Copy the entries exactly. Leave out any pictures.
= Beginning of Section =
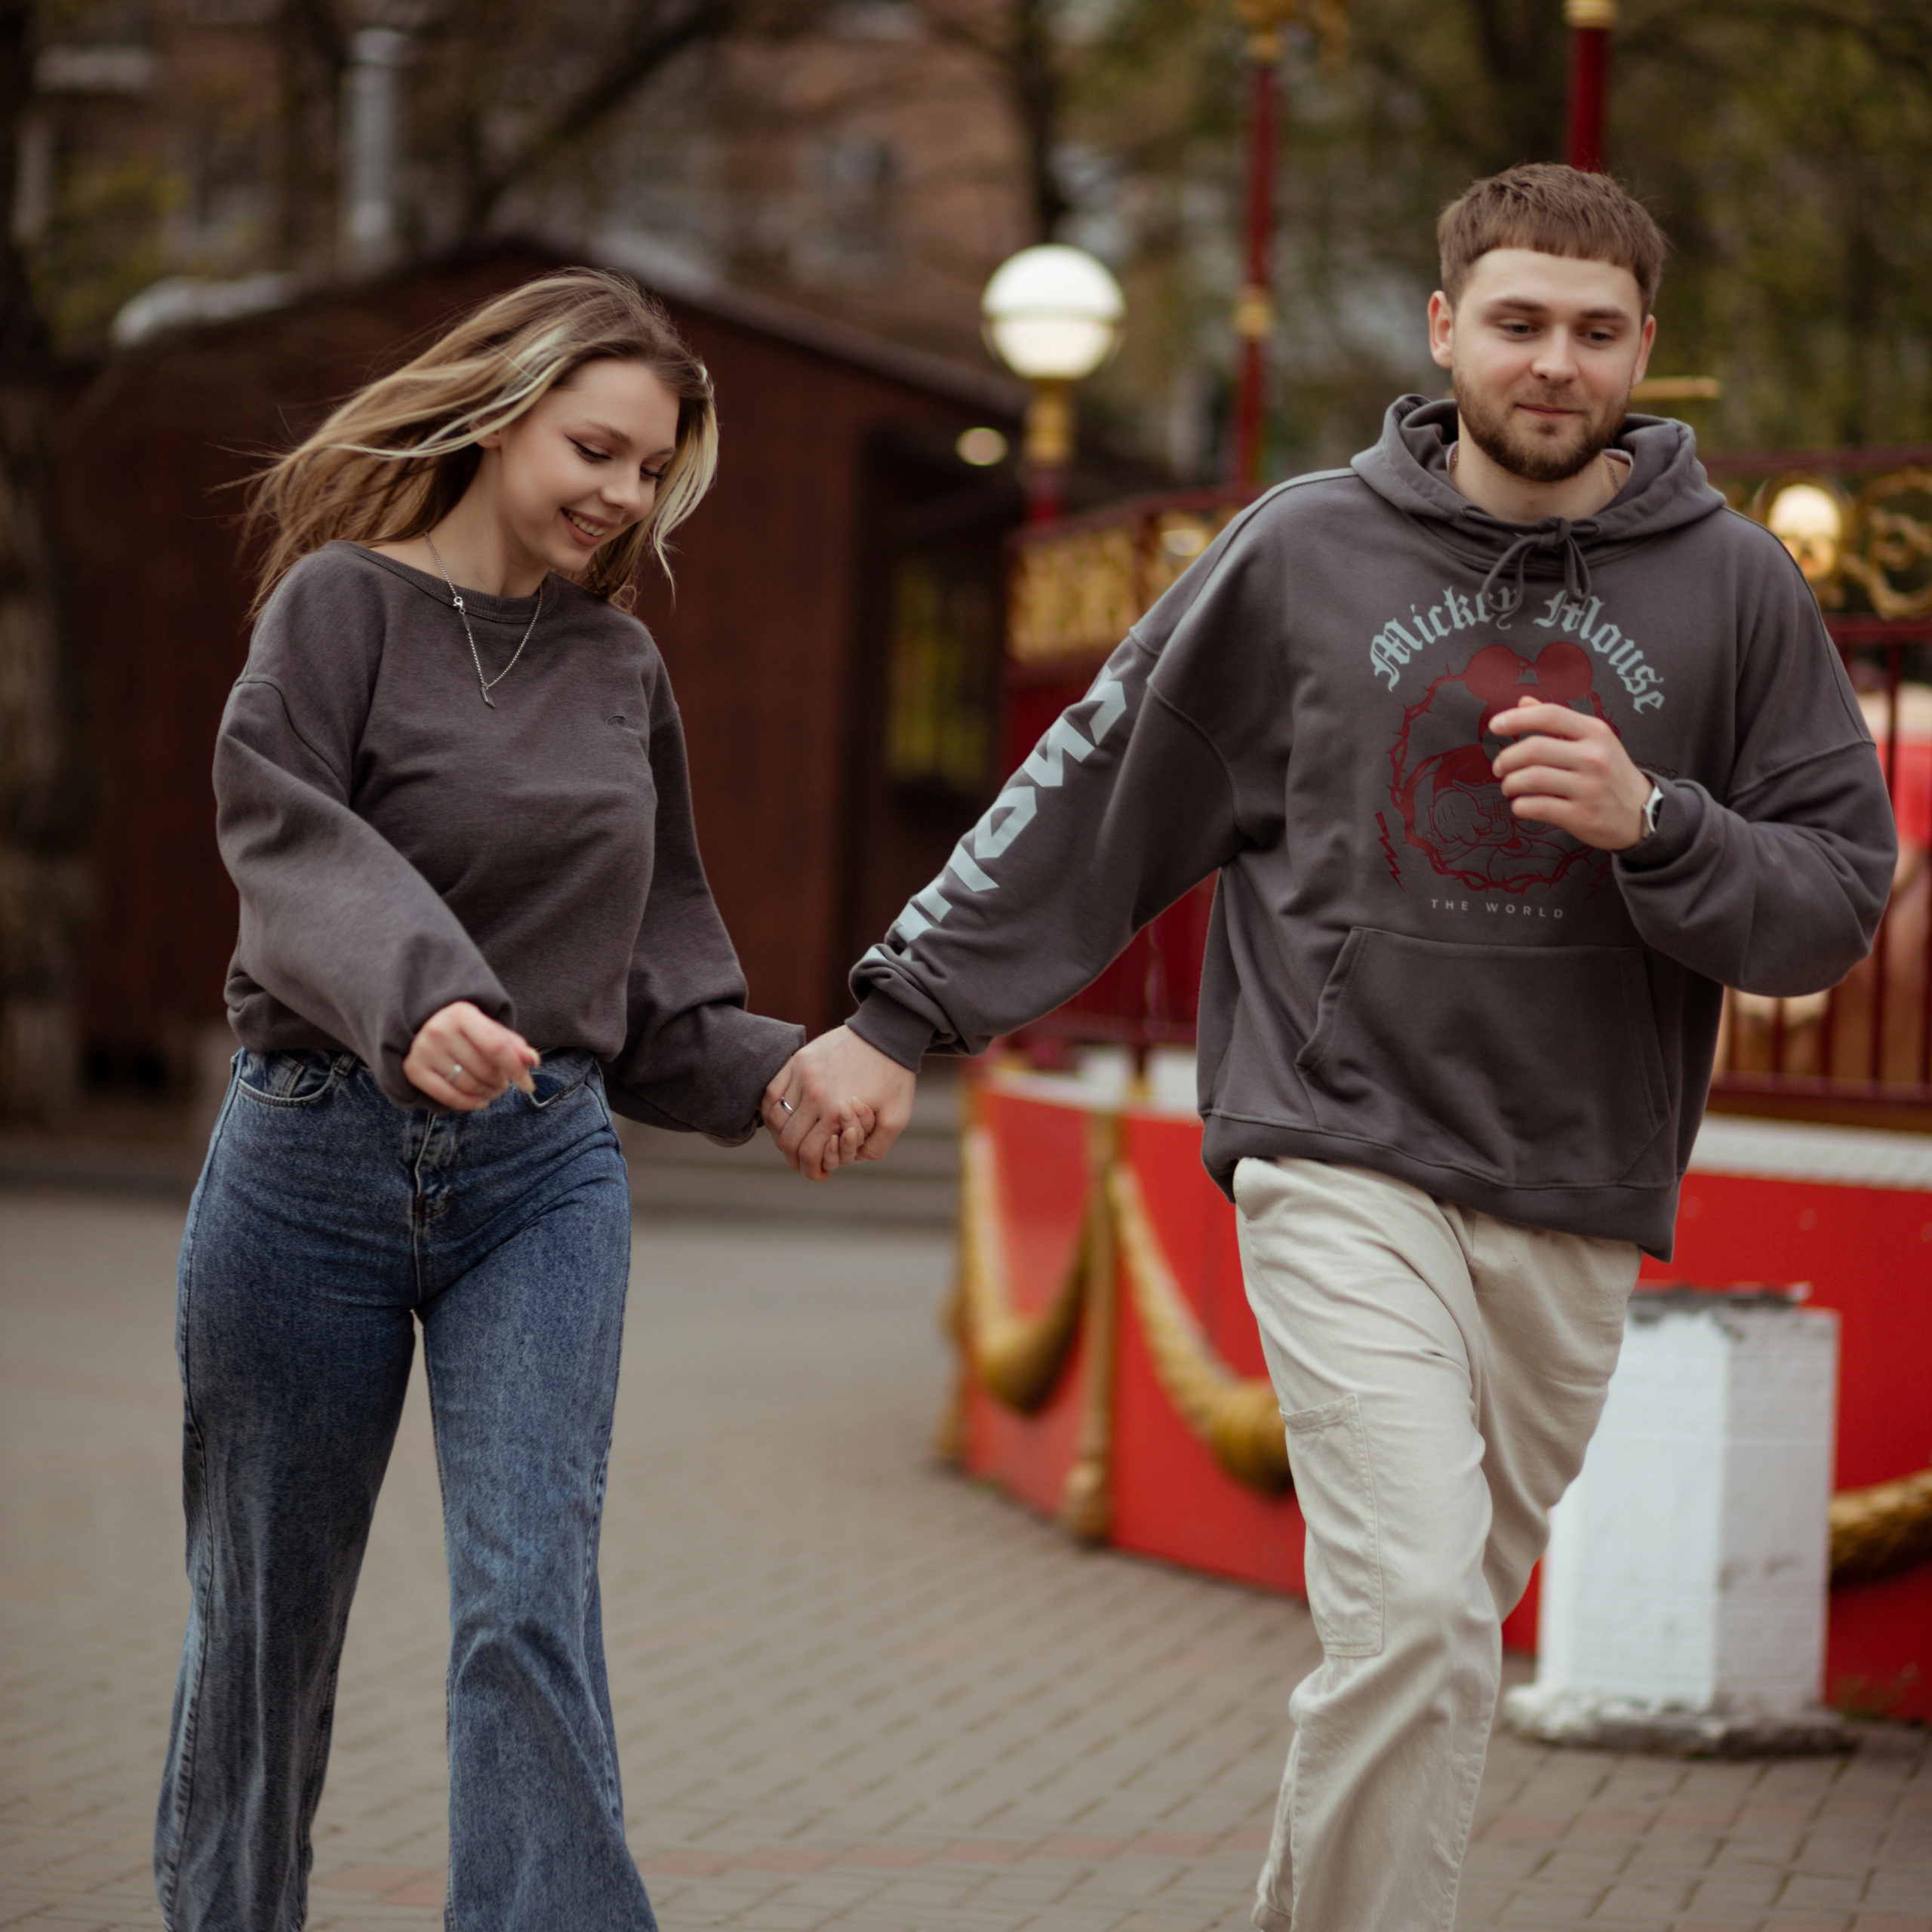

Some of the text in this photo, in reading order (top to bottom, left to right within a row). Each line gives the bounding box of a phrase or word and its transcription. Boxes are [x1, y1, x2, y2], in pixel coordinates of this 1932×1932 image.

[1370, 586, 1666, 715] Mickey Mouse
[1430, 899, 1563, 918] THE WORLD
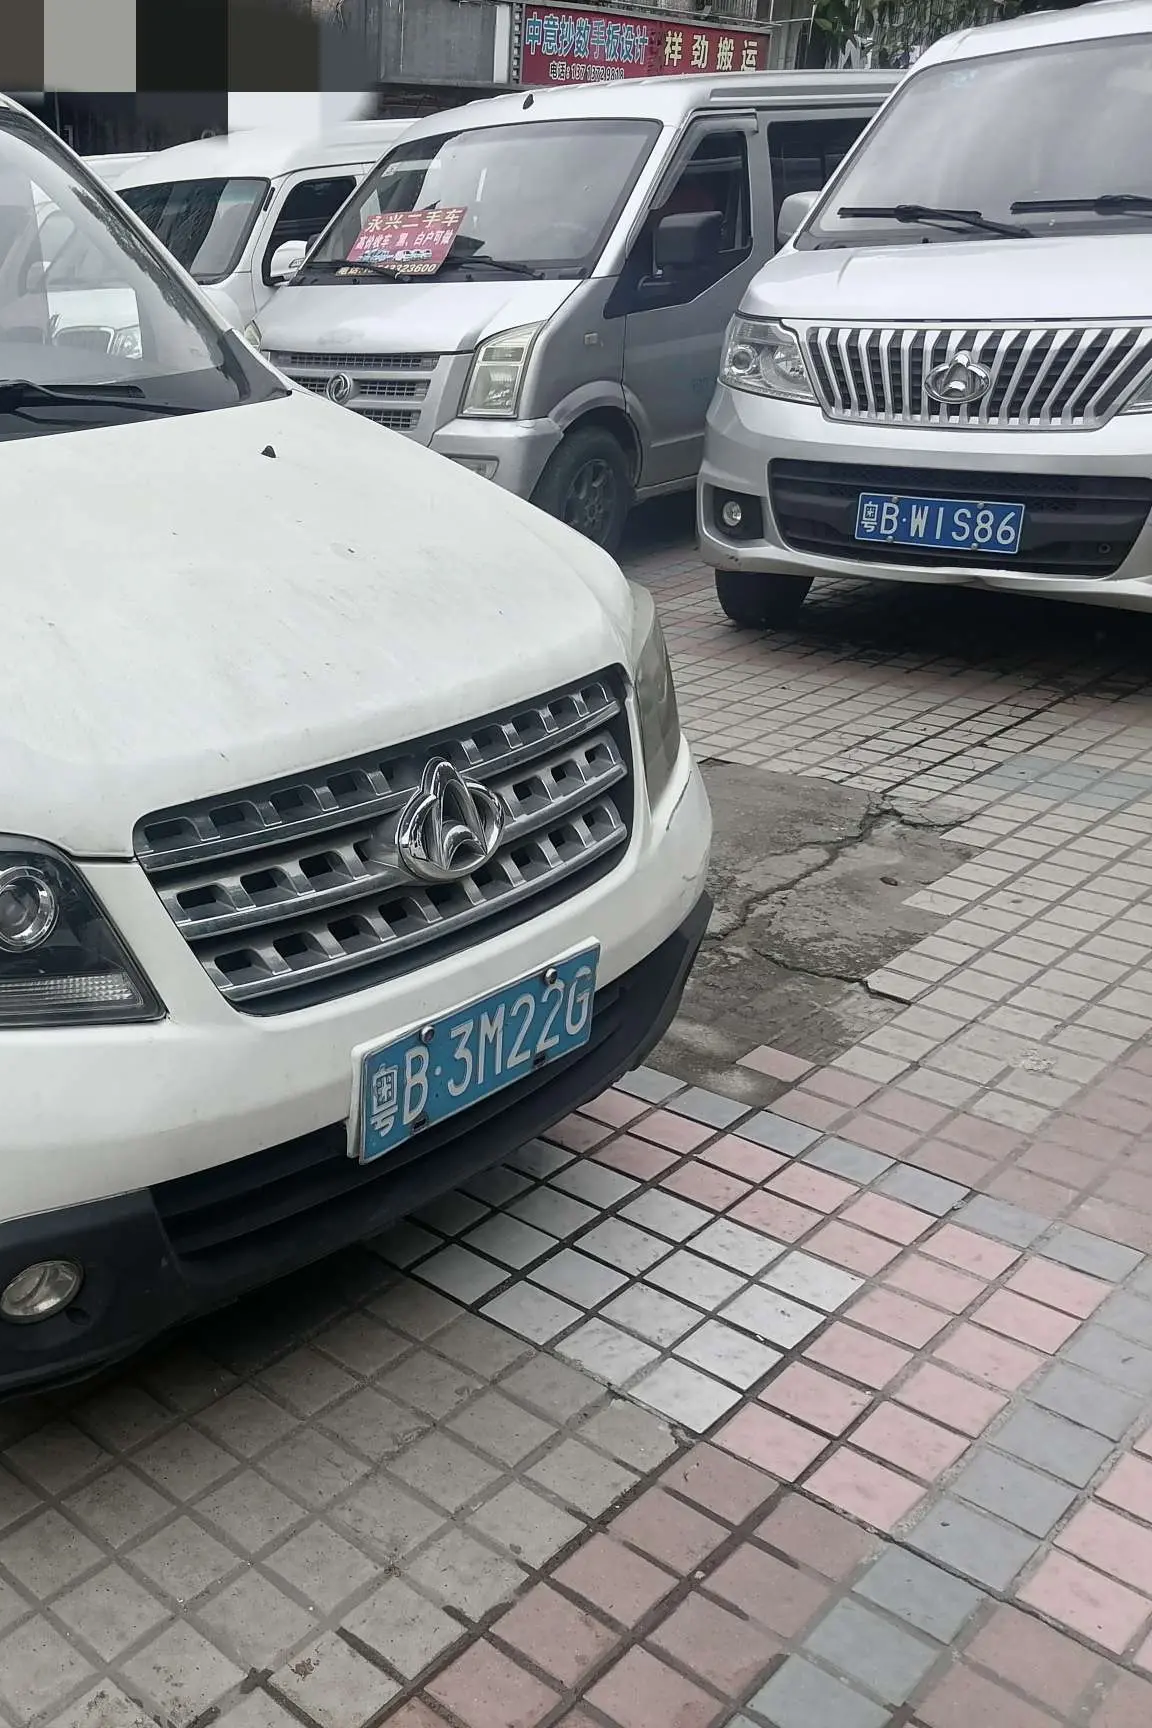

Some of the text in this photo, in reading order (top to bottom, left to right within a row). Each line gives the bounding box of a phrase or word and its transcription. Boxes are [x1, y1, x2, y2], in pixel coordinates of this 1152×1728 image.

[525, 11, 649, 65] 中意抄数手板设计
[663, 29, 759, 73] 祥劲搬运
[365, 208, 464, 233] 永兴二手车
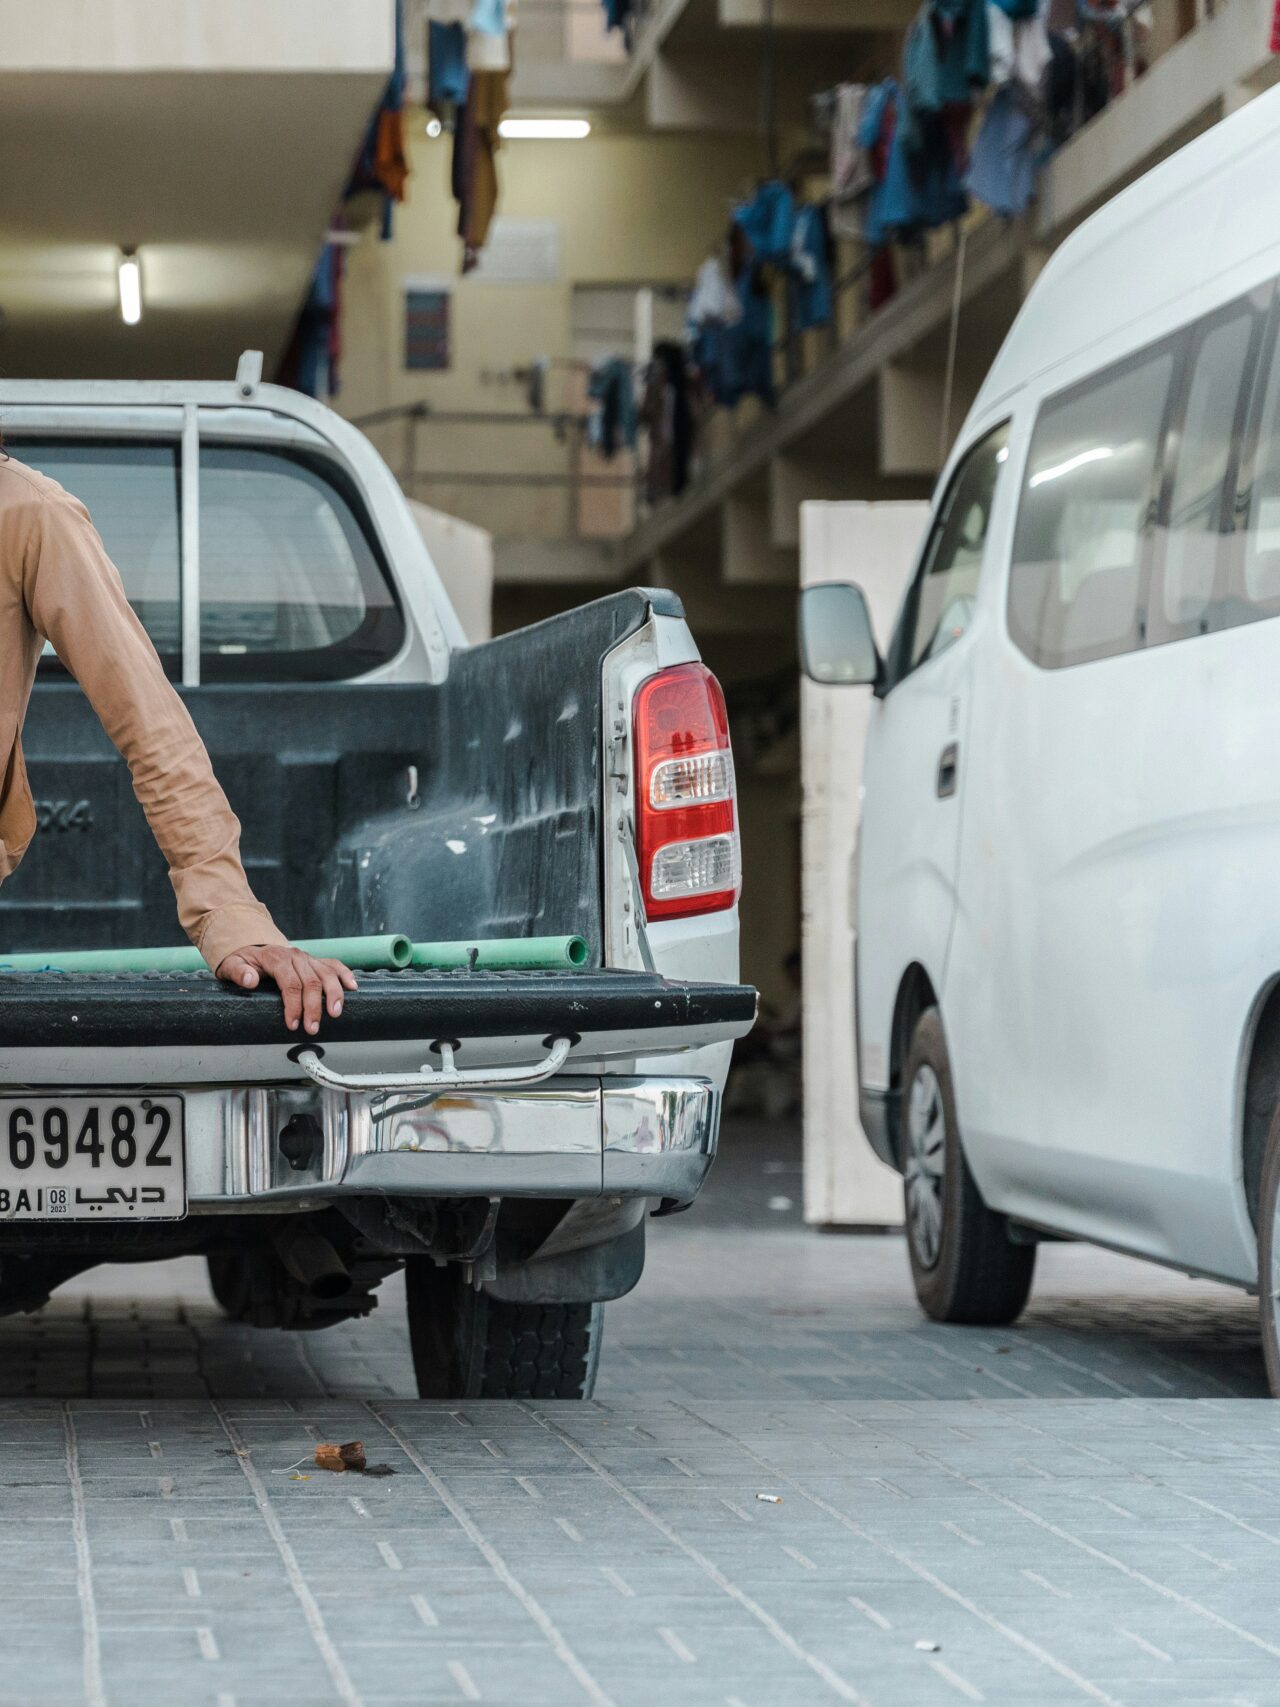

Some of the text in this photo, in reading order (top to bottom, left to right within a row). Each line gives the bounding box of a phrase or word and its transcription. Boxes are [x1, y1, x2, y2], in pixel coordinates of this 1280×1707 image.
= End of Section =
* Problem solution:
Some of the text in this photo, in reading order (top to bottom, left to right within a row). Each line gives the bounding box of a phrase or word and its transcription. Boxes are [x1, y1, x2, y2], in pixel coordinates of this 1932×1932 image.

[1370, 586, 1666, 715] Mickey Mouse
[1430, 899, 1563, 918] THE WORLD

Some of the text in this photo, in reading order (top to bottom, left to right within a row). Each line gives the bounding box of a phrase or word and its transcription. Boxes are [x1, y1, x2, y2], in pixel coordinates of this 1152×1728 image.

[525, 11, 649, 65] 中意抄数手板设计
[663, 29, 759, 73] 祥劲搬运
[365, 208, 464, 233] 永兴二手车

Some of the text in this photo, in reading order (top to bottom, left to right within a row). Each line gives the bounding box of a phrase or word and its transcription. Boxes are [x1, y1, x2, y2], in pixel coordinates of this 1280×1707 image.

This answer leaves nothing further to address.